━━ Extracted data

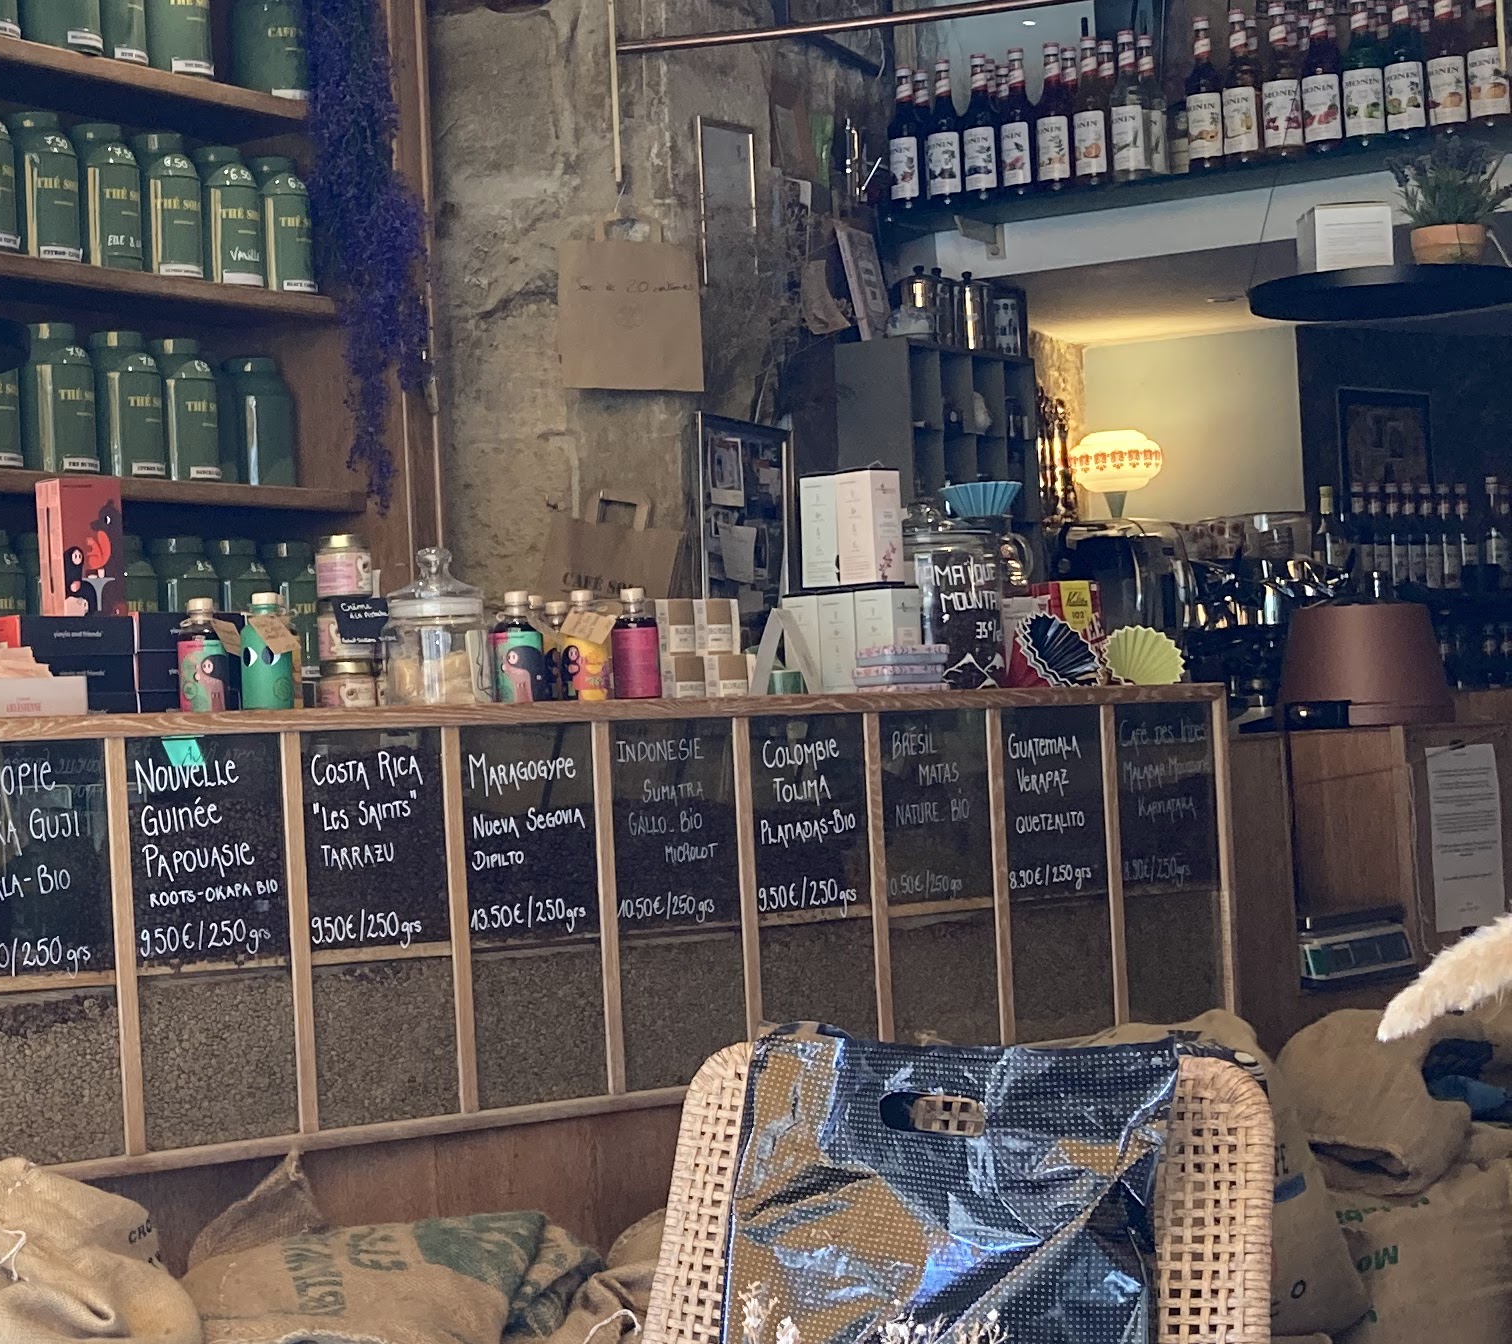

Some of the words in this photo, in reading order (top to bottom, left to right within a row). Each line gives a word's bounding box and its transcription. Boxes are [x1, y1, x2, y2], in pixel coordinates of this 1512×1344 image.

[1344, 77, 1380, 88] MONIN
[57, 387, 84, 401] THÉ
[127, 392, 151, 407] THÉ
[185, 399, 208, 413] THÉ
[561, 571, 605, 593] CAFÉ
[616, 736, 705, 764] INDONESIE
[310, 752, 371, 791] COSTA
[377, 750, 424, 787] RICA
[918, 761, 960, 787] MATAS
[641, 778, 705, 806] SUMATRA
[772, 773, 832, 807] TOLIMA
[29, 807, 80, 842] GUJI
[320, 841, 396, 872] TARRAZU
[471, 849, 525, 872] DIPILTO
[256, 877, 280, 897] BIO

━━━━

An exact copy of every line above is needed, without the images.

→ **Answer below**
Some of the words in this photo, in reading order (top to bottom, left to right within a row). Each line gives a word's bounding box and its transcription. Boxes are [x1, y1, x2, y2], in pixel coordinates of this 1512×1344 image.

[1344, 77, 1380, 88] MONIN
[57, 387, 84, 401] THÉ
[127, 392, 151, 407] THÉ
[185, 399, 208, 413] THÉ
[561, 571, 605, 593] CAFÉ
[616, 736, 705, 764] INDONESIE
[310, 752, 371, 791] COSTA
[377, 750, 424, 787] RICA
[918, 761, 960, 787] MATAS
[641, 778, 705, 806] SUMATRA
[772, 773, 832, 807] TOLIMA
[29, 807, 80, 842] GUJI
[320, 841, 396, 872] TARRAZU
[471, 849, 525, 872] DIPILTO
[256, 877, 280, 897] BIO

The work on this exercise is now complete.